:: Action item ::
Print the entries exactly; no image belongs in the copy.

:: Record set ::

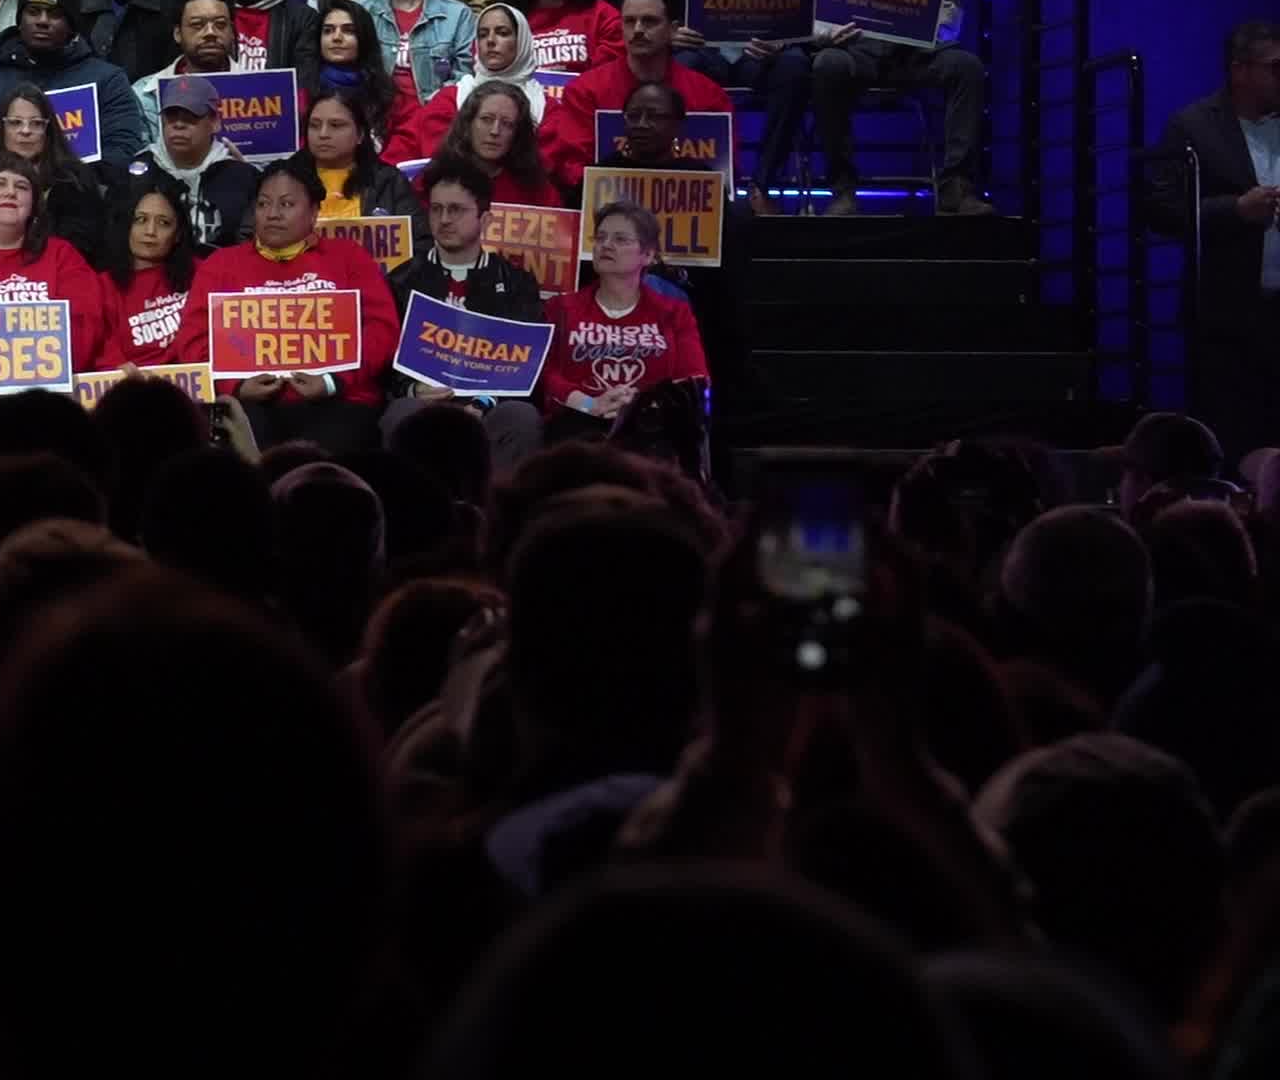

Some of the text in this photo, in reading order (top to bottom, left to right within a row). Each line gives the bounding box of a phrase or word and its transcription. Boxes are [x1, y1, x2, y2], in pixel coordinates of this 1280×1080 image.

[216, 97, 283, 120] HRAN
[486, 210, 558, 249] EEZE
[6, 306, 62, 333] FREE
[223, 297, 334, 331] FREEZE
[568, 330, 668, 350] NURSES
[578, 322, 659, 336] UNION
[256, 333, 351, 367] RENT
[419, 321, 532, 363] ZOHRAN
[435, 350, 461, 367] NEW
[464, 360, 493, 372] YORK
[494, 363, 521, 374] CITY
[603, 363, 640, 382] NY
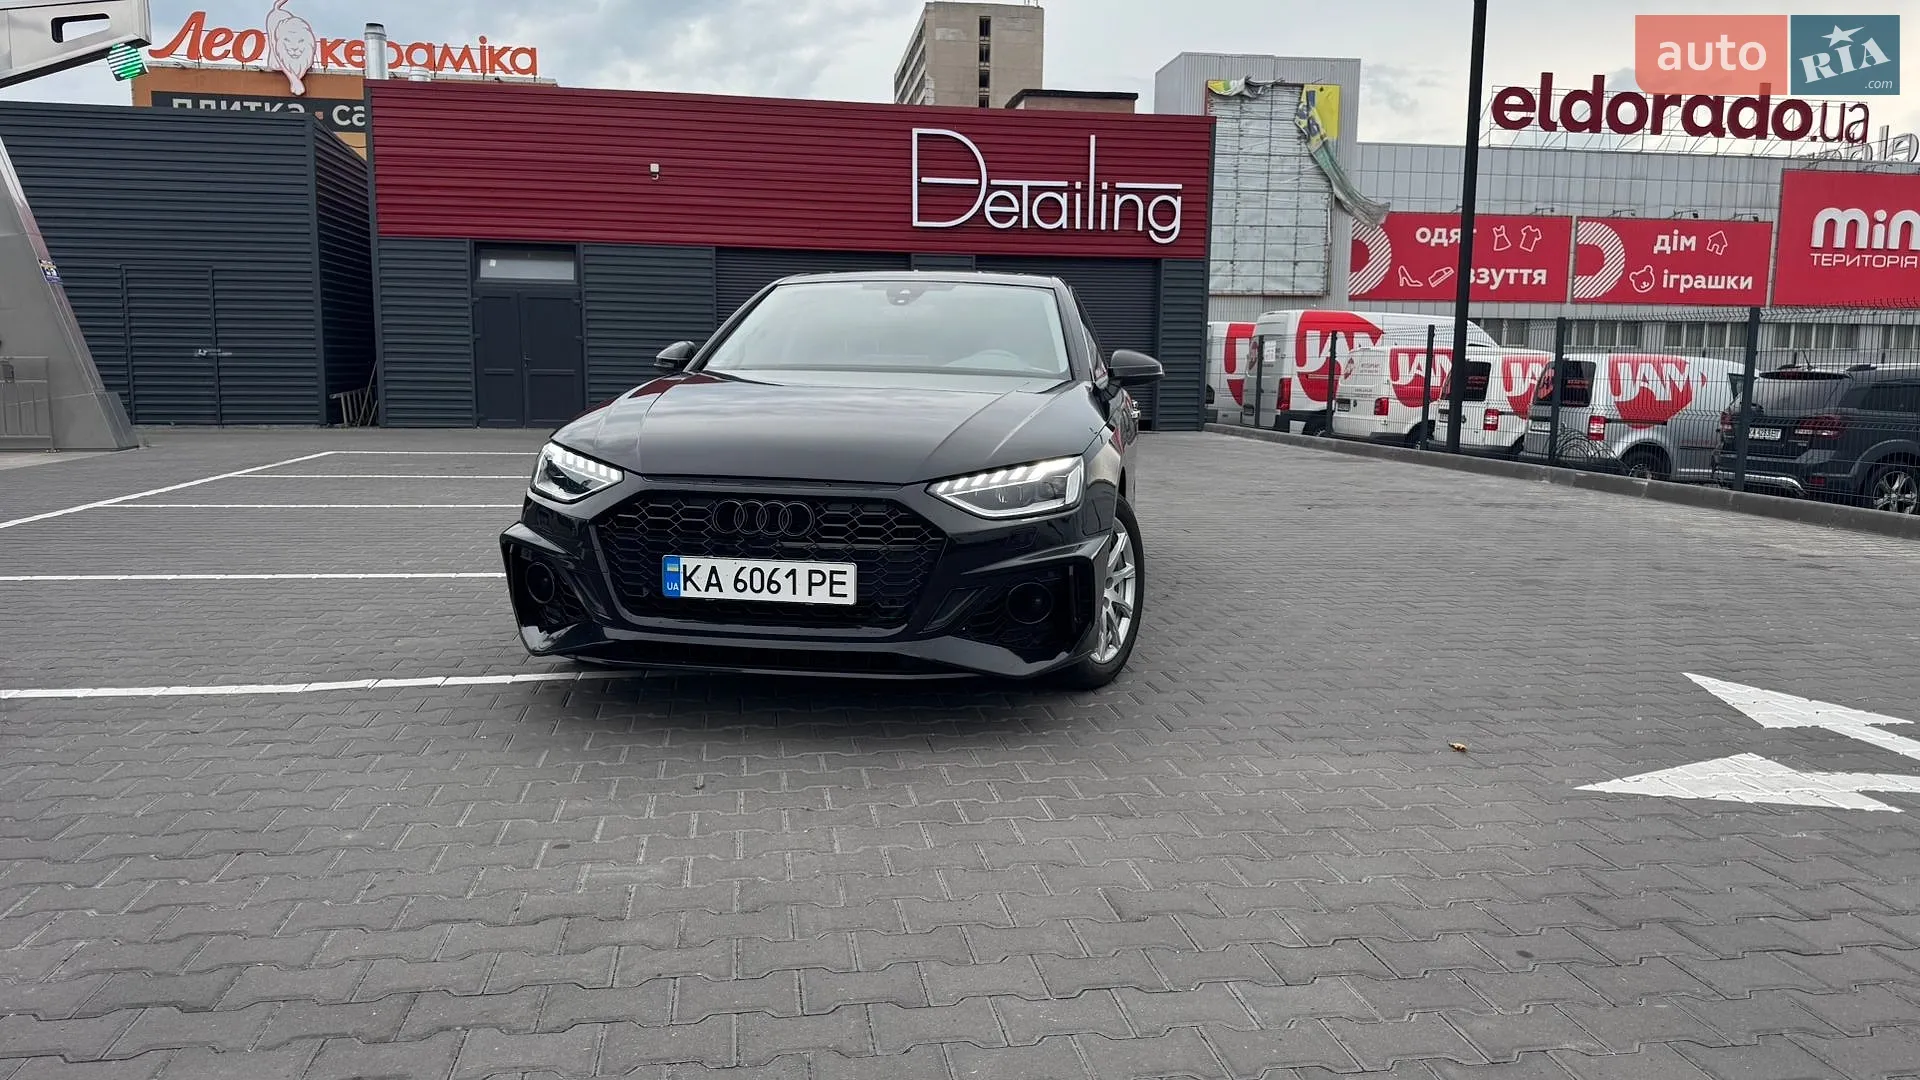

:: Task output ::
Some of the text in this photo, in reading order (top to bottom, left to right within a row). Each line gives the bounding box of a phrase or word and its transcription. Boxes are [x1, y1, x2, y2], in pixel coordinates of this 1280×1080 image.

[216, 97, 283, 120] HRAN
[486, 210, 558, 249] EEZE
[6, 306, 62, 333] FREE
[223, 297, 334, 331] FREEZE
[568, 330, 668, 350] NURSES
[578, 322, 659, 336] UNION
[256, 333, 351, 367] RENT
[419, 321, 532, 363] ZOHRAN
[435, 350, 461, 367] NEW
[464, 360, 493, 372] YORK
[494, 363, 521, 374] CITY
[603, 363, 640, 382] NY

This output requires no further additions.